I’ve met or heard of many people who fit into both of these categories, one who stays with MS or one that runs away from MS.  Every person has a breaking point.  J reached his and nobody but him knows what it was that took him there.  I think that J saw himself as living with MS first and with his wife second, and that he left MS since MS wouldn’t leave his marriage.  Perhaps W didn’t reach his because destiny, nature, call it what you will, got there first.  Maybe his breaking point is occurring now and has been since his wife died.  All I know is that I think of both of these people in connection to my own relationships – both with my wife and with MS.  I’ve not reached my breaking point but living with MS is bloody hard.  As a carer it’s easy to find yourself increasingly living with the disease rather than living with your partner.  Did J leave his wife too early?  Should he not have recognised his breaking point?  Was he being selfish?  Why should he not have thought of himself and his own life?  Did W stay too long?  Is he aware of the effect that his experiences have had on him and his life and family?  Would he have been happier leaving and letting someone else deal with his wife’s MS?  

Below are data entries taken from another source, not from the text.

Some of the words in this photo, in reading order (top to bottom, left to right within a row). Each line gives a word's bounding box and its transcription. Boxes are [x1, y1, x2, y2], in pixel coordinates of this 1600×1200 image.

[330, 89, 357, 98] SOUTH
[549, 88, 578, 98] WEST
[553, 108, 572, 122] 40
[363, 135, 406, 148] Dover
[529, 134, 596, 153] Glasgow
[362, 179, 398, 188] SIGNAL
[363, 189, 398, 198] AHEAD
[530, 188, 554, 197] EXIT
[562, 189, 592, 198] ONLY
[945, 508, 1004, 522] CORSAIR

A carer’s feelings and suffering are generally considered as secondary to those of the person they care for.  Illnesses, diseases and disabilities have names and recognised symptoms.  A carer’s suffering remains unrecognised yet I see it as neither easier nor worse than that of the person cared for.  It is equal but very different.  I find that I can’t judge either of the men I’ve written about here because I don’t know if or when I’ll reach a breaking point.  And I don’t know that I want to either.